- _What is being asked_: Each entry should be given again exactly, with any image left out.
::: Data extract :::
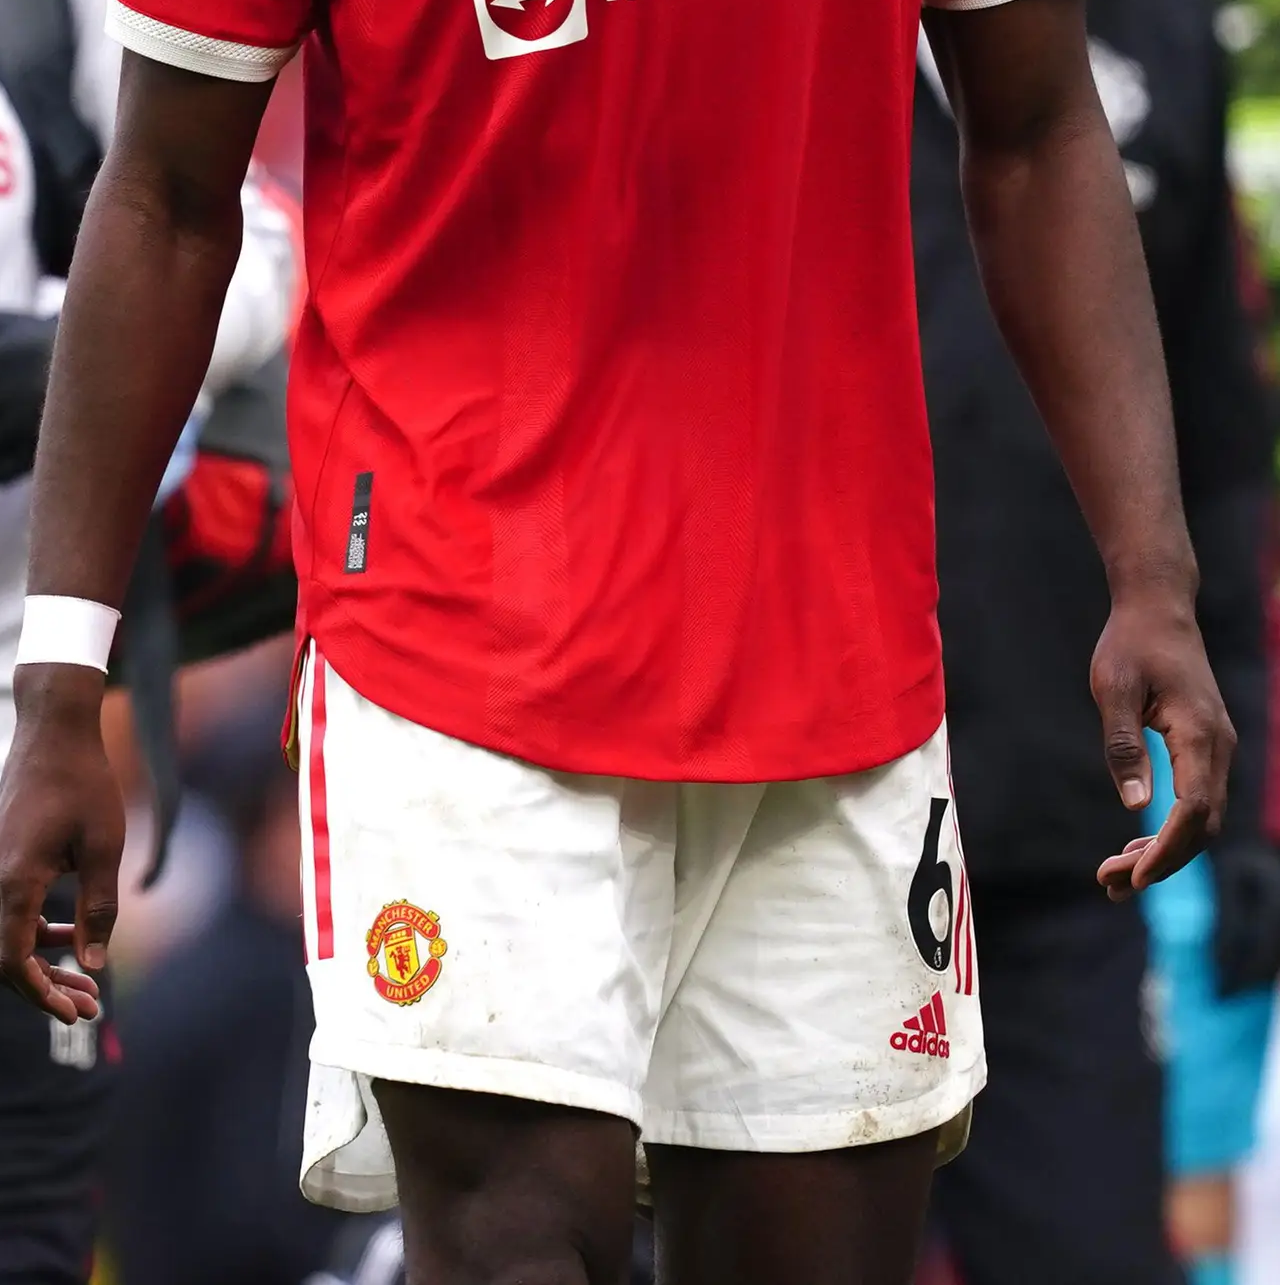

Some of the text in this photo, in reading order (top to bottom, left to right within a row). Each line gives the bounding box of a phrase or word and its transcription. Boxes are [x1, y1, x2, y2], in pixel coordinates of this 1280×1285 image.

[907, 797, 954, 972] 6
[370, 906, 433, 950] MANCHESTER
[386, 974, 430, 999] UNITED
[889, 1029, 950, 1059] adidas
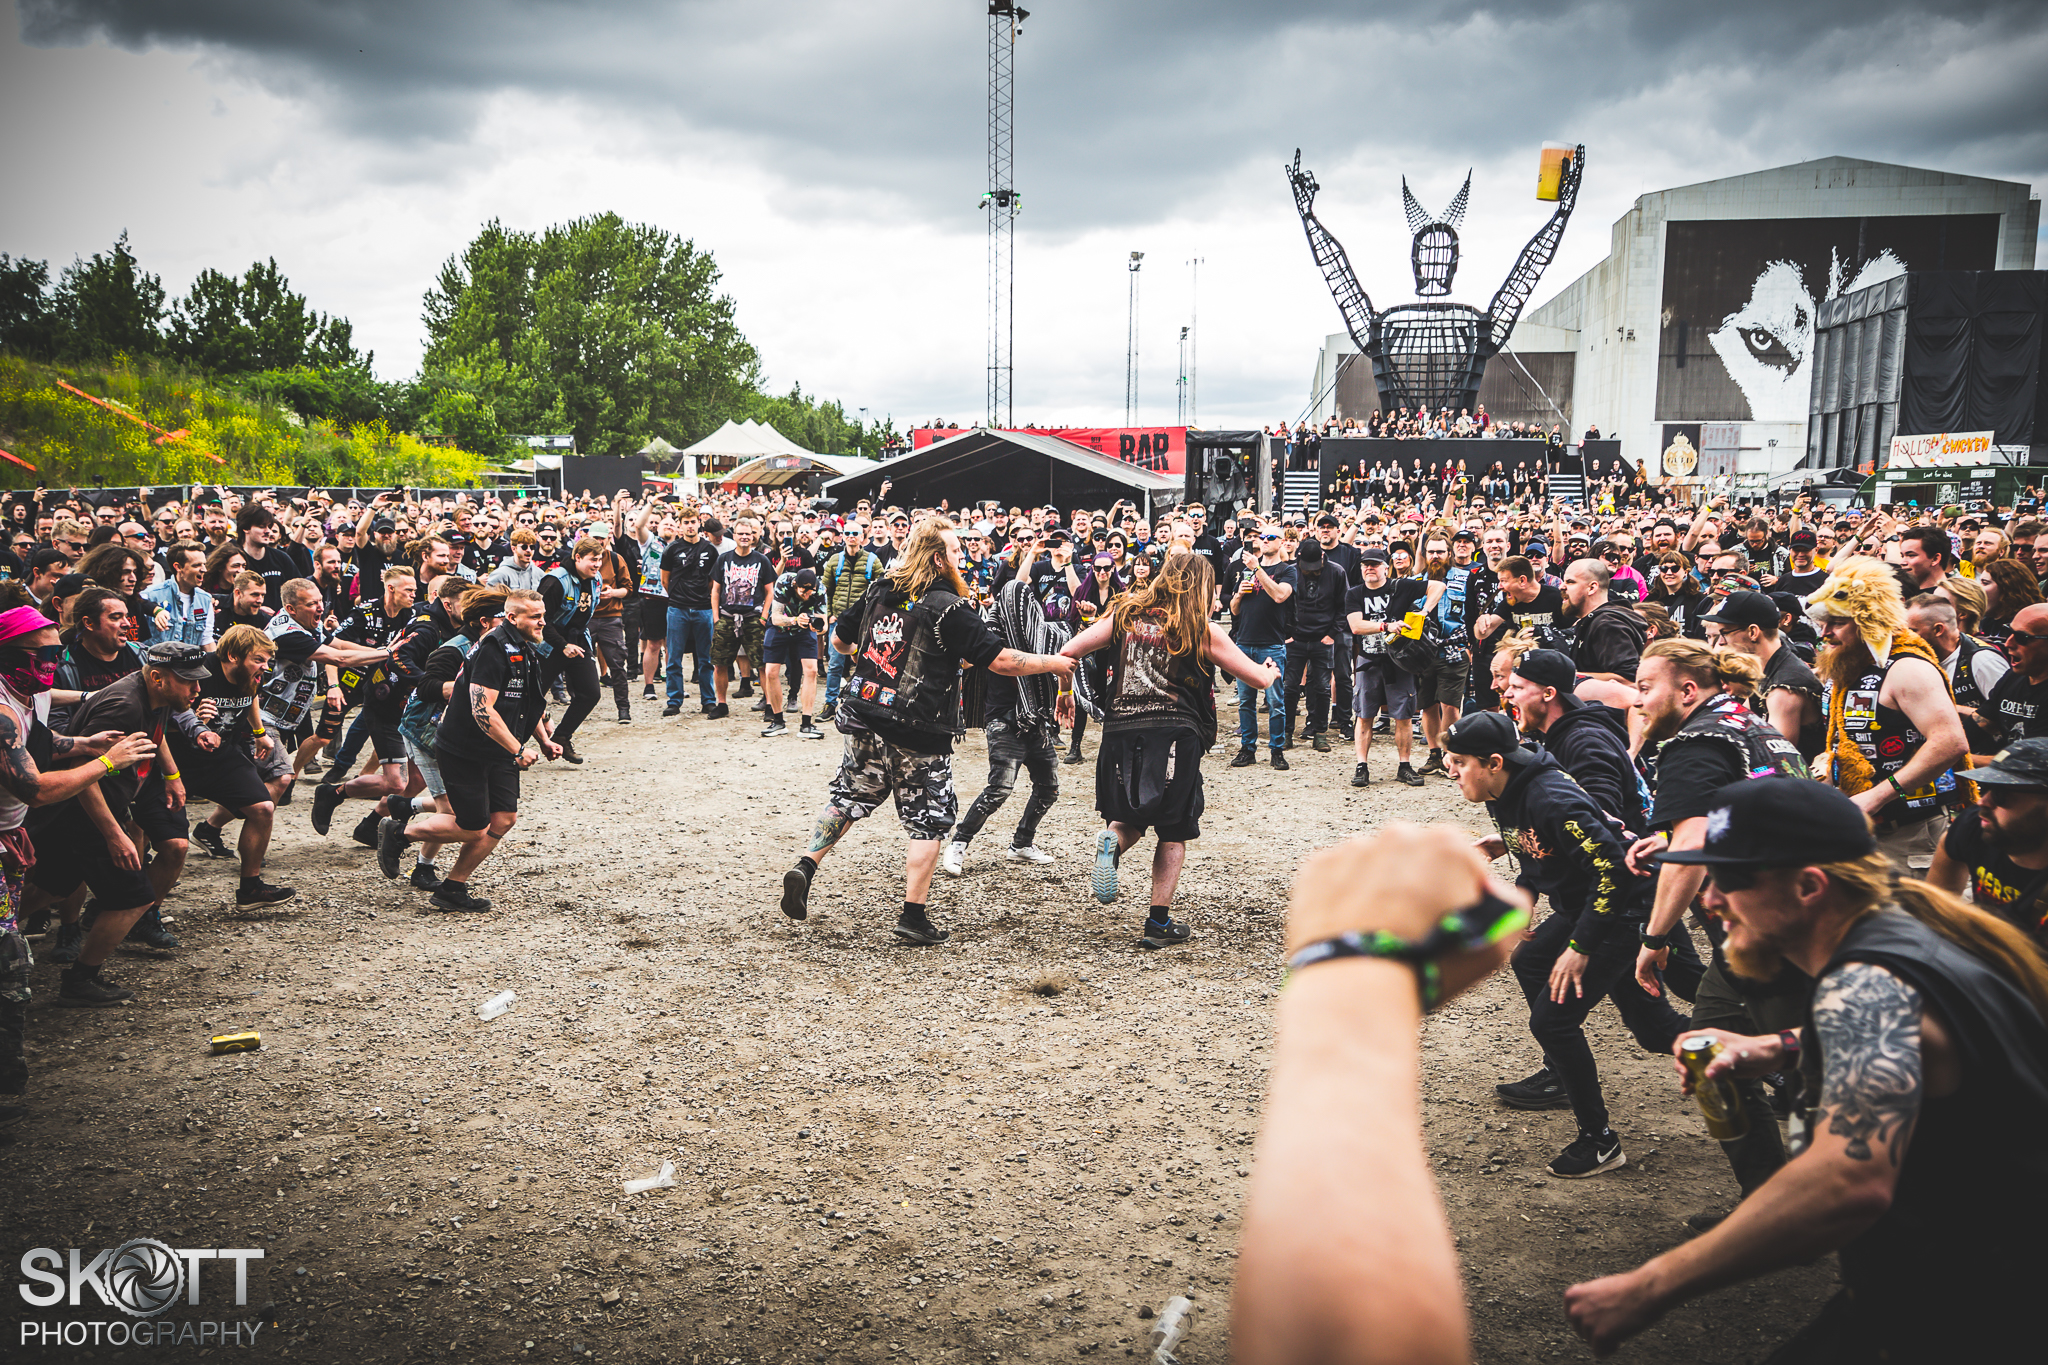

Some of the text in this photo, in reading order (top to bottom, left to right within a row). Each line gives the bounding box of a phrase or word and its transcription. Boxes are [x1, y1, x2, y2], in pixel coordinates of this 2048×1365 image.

[1120, 432, 1169, 470] BAR
[1943, 437, 1990, 454] CHICKEN
[1855, 732, 1872, 742] SHIT
:::
- _Solved exercise_:
Some of the text in this photo, in reading order (top to bottom, left to right within a row). Each line gives the bounding box of a phrase or word and its transcription. Boxes are [x1, y1, x2, y2], in pixel coordinates of this 1280×1285 image.

[907, 797, 954, 972] 6
[370, 906, 433, 950] MANCHESTER
[386, 974, 430, 999] UNITED
[889, 1029, 950, 1059] adidas

Some of the text in this photo, in reading order (top to bottom, left to right within a row). Each line gives the bounding box of a phrase or word and its transcription. Boxes are [x1, y1, x2, y2], in pixel coordinates of this 2048×1365 image.

[1120, 432, 1169, 470] BAR
[1943, 437, 1990, 454] CHICKEN
[1855, 732, 1872, 742] SHIT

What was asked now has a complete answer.